---------- The data

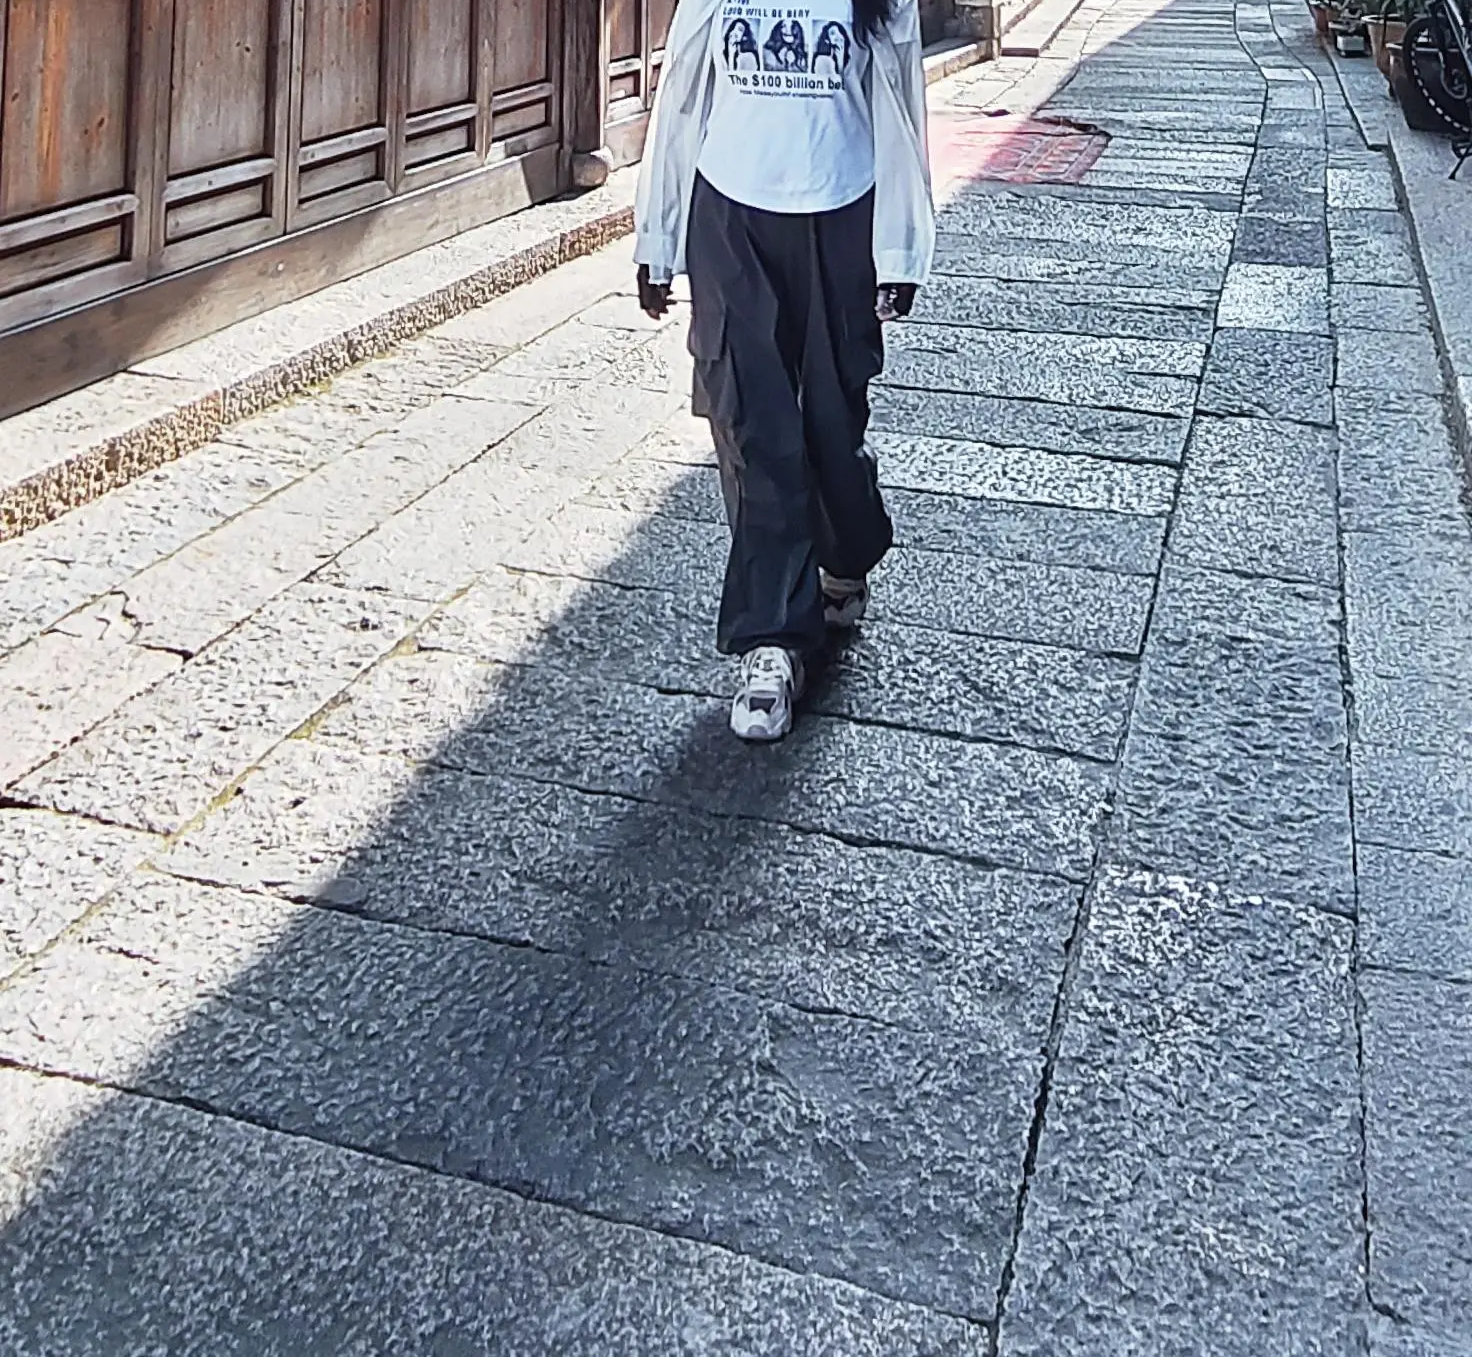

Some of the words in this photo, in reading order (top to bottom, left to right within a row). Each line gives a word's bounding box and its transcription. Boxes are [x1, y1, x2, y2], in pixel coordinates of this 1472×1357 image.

[728, 75, 748, 86] The
[752, 74, 781, 88] $100
[785, 76, 824, 90] billion
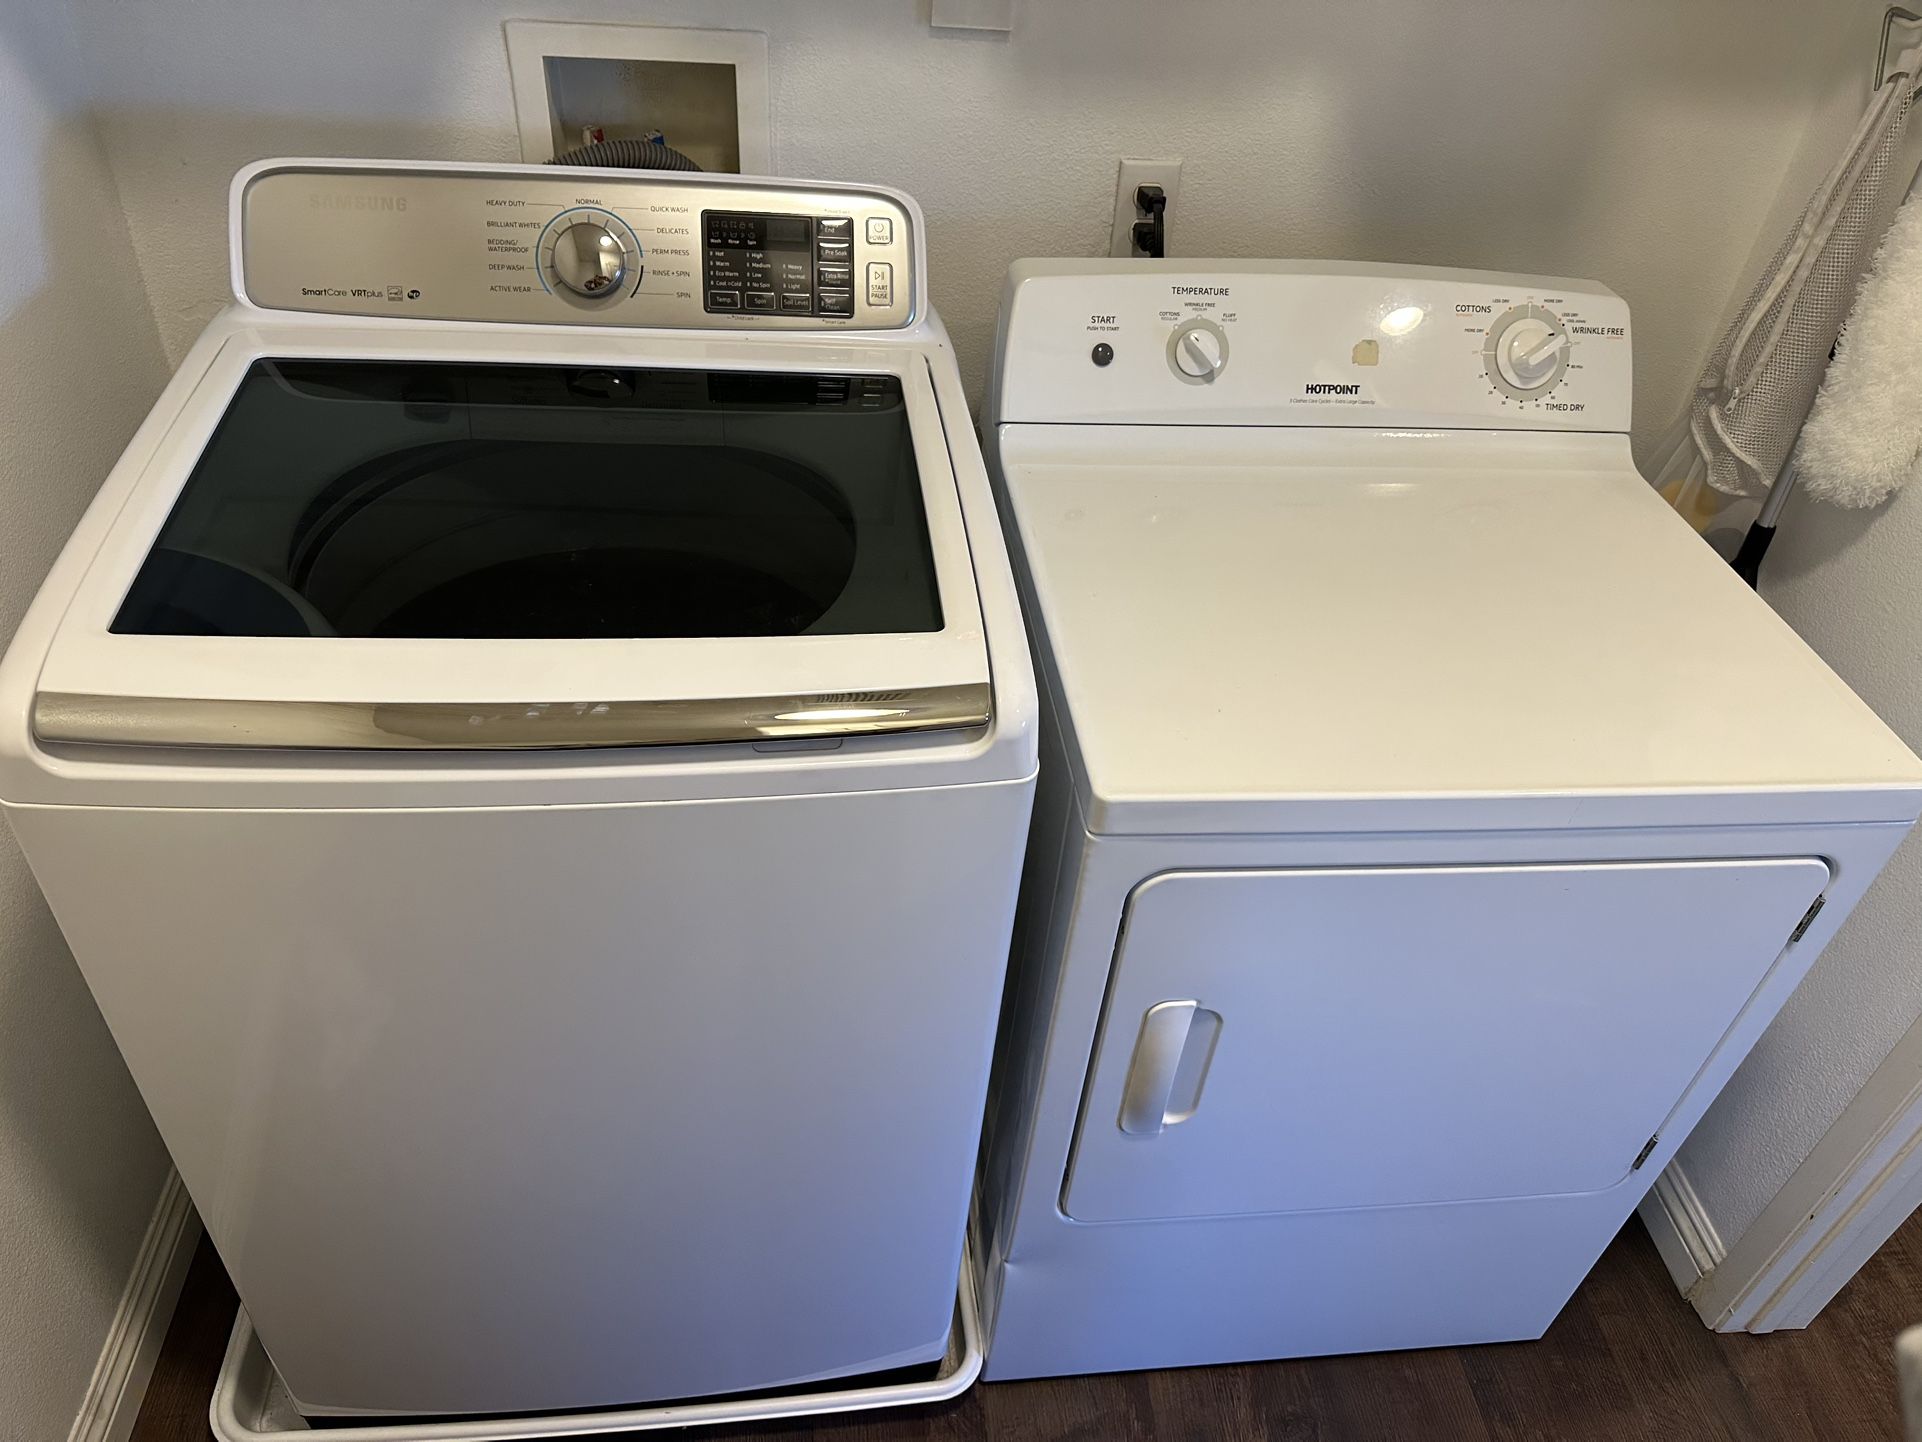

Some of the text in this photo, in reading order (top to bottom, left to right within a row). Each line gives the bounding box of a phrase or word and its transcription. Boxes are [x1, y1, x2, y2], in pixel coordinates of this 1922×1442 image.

[575, 198, 603, 206] NORMAL
[650, 205, 669, 213] QUICK
[656, 227, 689, 235] DELICATES
[302, 287, 348, 297] SmartCare
[350, 289, 384, 299] VRTplus
[489, 285, 514, 293] ACTIVE
[1171, 286, 1230, 296] TEMPERATURE
[1455, 304, 1492, 313] COTTONS
[1090, 315, 1116, 324] START
[1571, 326, 1625, 336] WRINKLE FREE
[1305, 383, 1361, 395] HOTPOINT
[1545, 403, 1585, 412] TIMED DRY
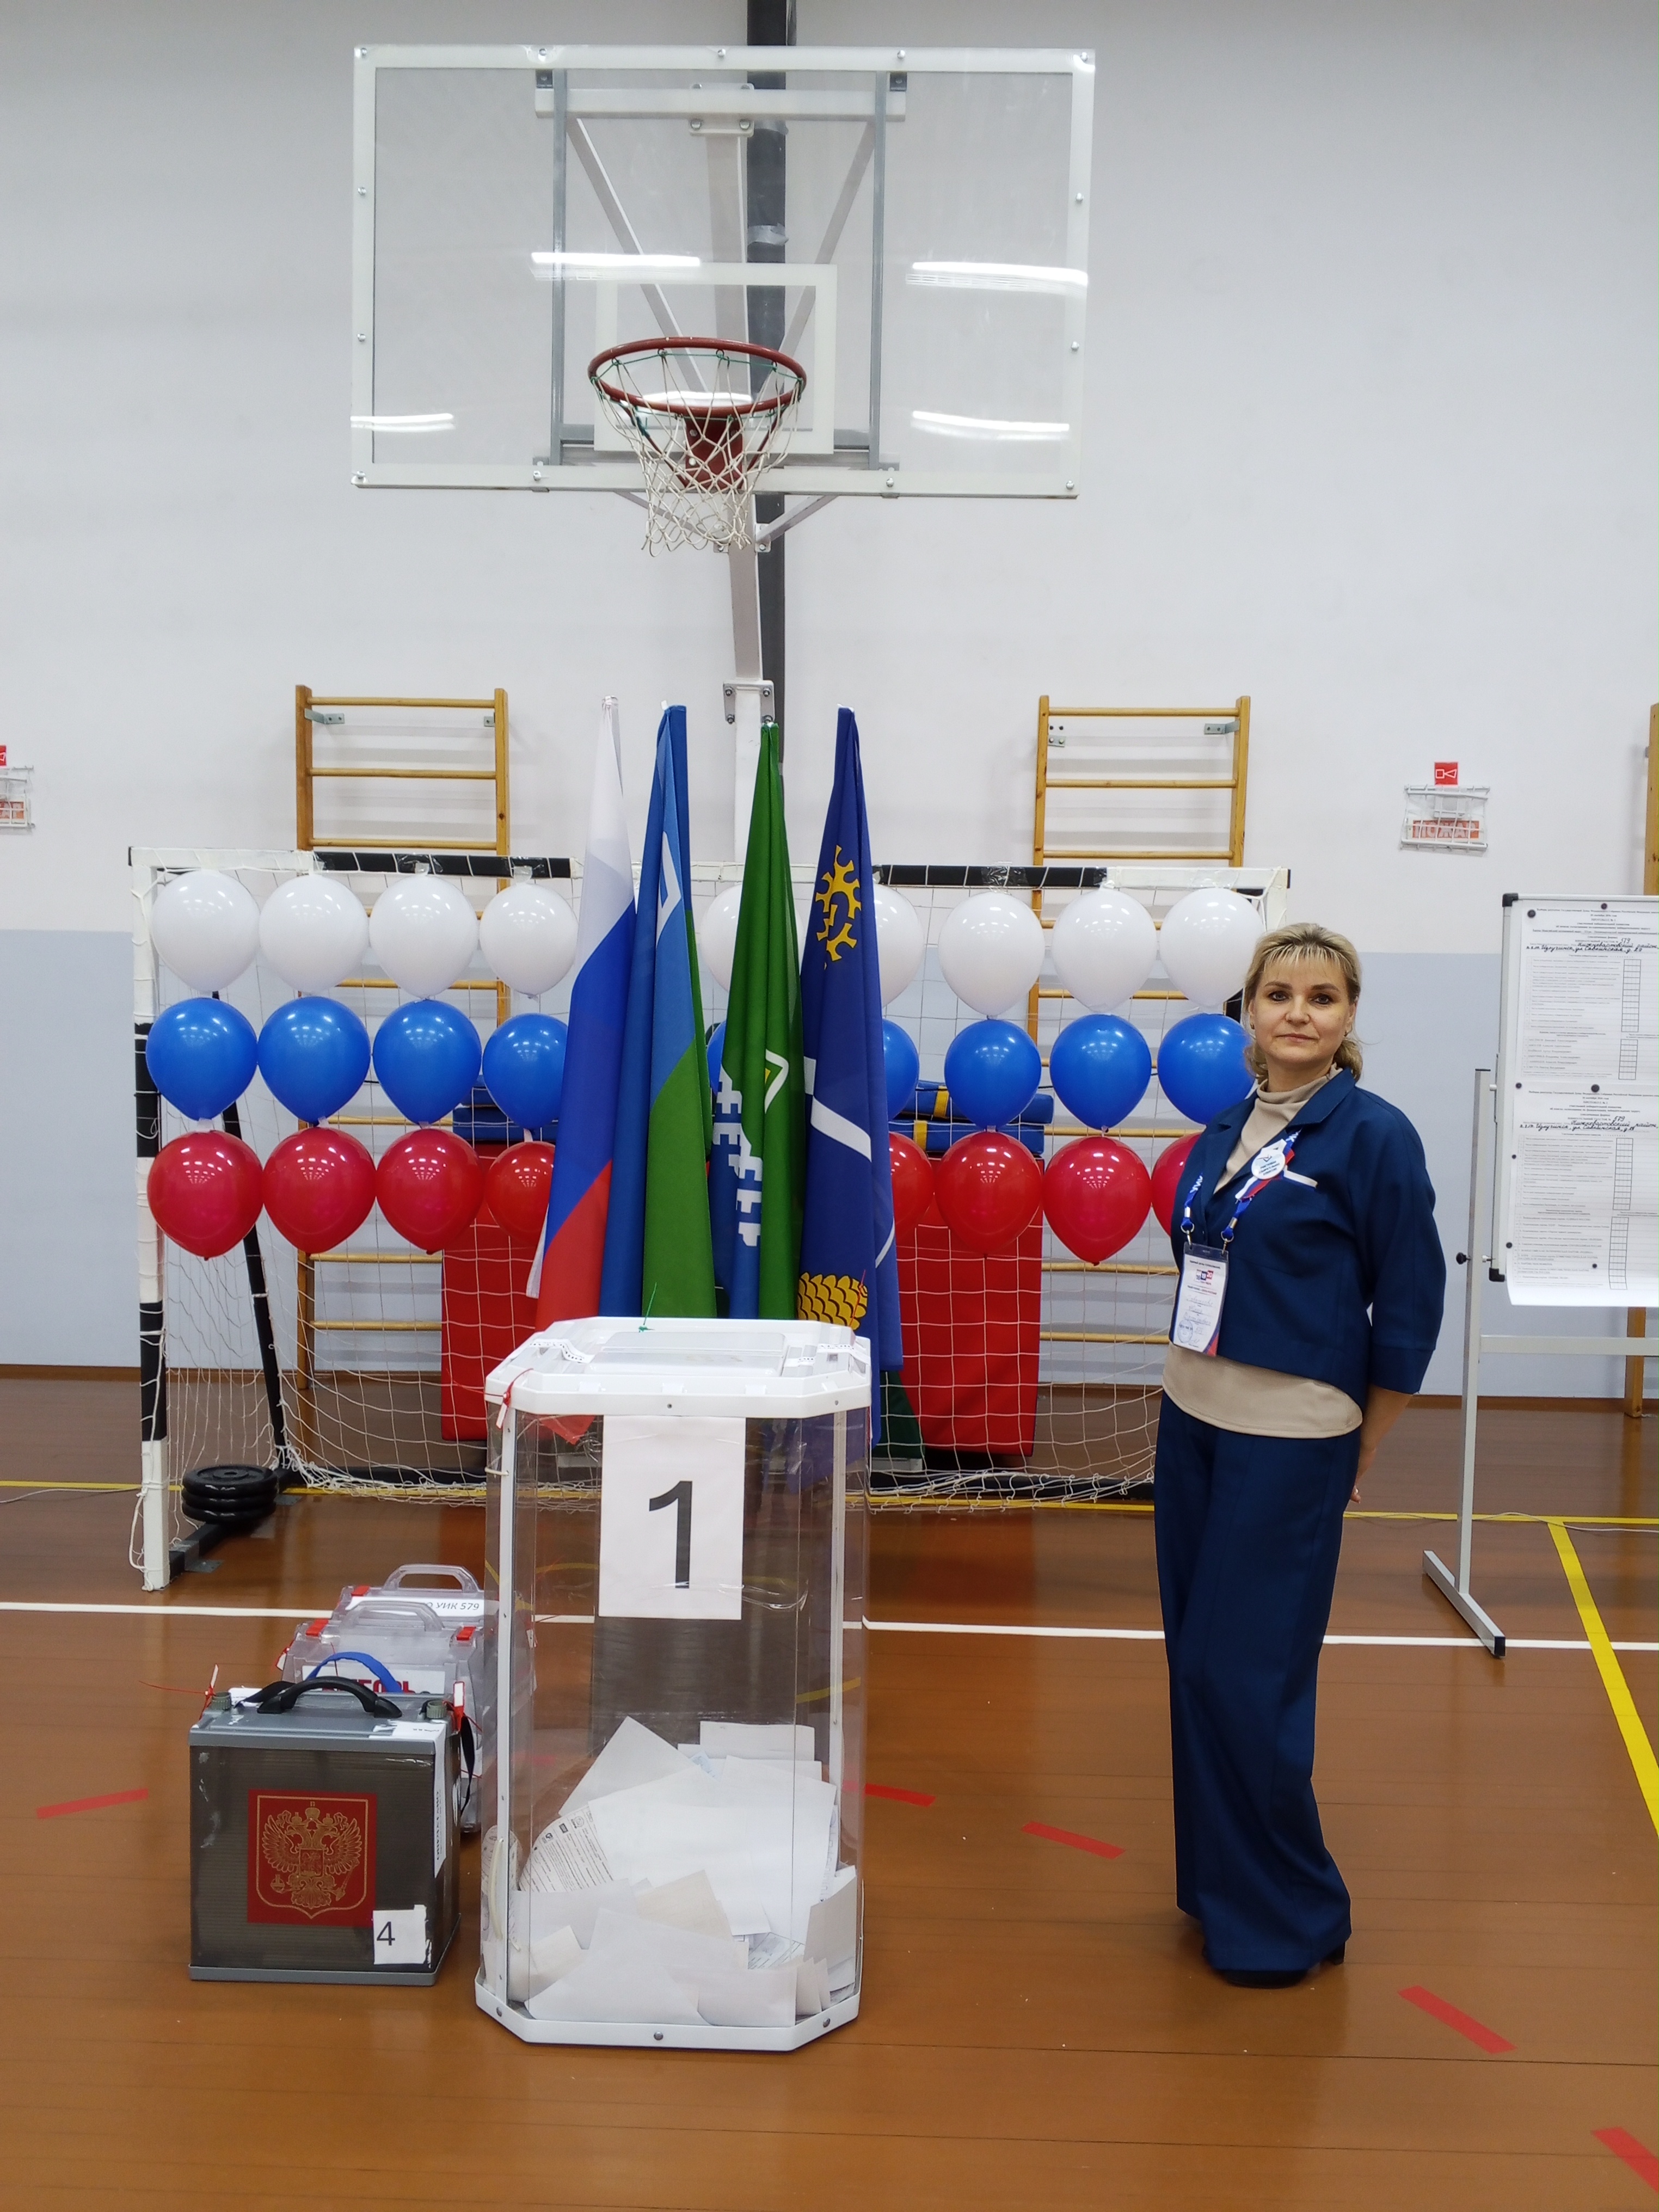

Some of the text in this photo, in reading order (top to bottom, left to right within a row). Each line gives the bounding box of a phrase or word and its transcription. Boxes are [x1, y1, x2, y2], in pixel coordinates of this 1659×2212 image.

--------------------

Each line of the material is to be output exactly. Images are not part of the expected output.

▶ _Result of this task_
Some of the words in this photo, in reading order (top to bottom, left to right within a row). Each line gives a word's bounding box and its transcription. Boxes are [x1, y1, x2, y2], in pixel coordinates of this 1472×1357 image.

[728, 75, 748, 86] The
[752, 74, 781, 88] $100
[785, 76, 824, 90] billion

Some of the text in this photo, in reading order (top to bottom, left to right within a row). Each line gives the bounding box of a phrase or word and its transcription. Boxes are [x1, y1, x2, y2], in pixel coordinates of this 1922×1442 image.

[575, 198, 603, 206] NORMAL
[650, 205, 669, 213] QUICK
[656, 227, 689, 235] DELICATES
[302, 287, 348, 297] SmartCare
[350, 289, 384, 299] VRTplus
[489, 285, 514, 293] ACTIVE
[1171, 286, 1230, 296] TEMPERATURE
[1455, 304, 1492, 313] COTTONS
[1090, 315, 1116, 324] START
[1571, 326, 1625, 336] WRINKLE FREE
[1305, 383, 1361, 395] HOTPOINT
[1545, 403, 1585, 412] TIMED DRY

Some of the text in this photo, in reading order (top to bottom, left to right within a row). Each line gives the bounding box of a phrase or word and its transcription. Boxes are [x1, y1, x2, y2], in pixel coordinates of this 1659×2212 image.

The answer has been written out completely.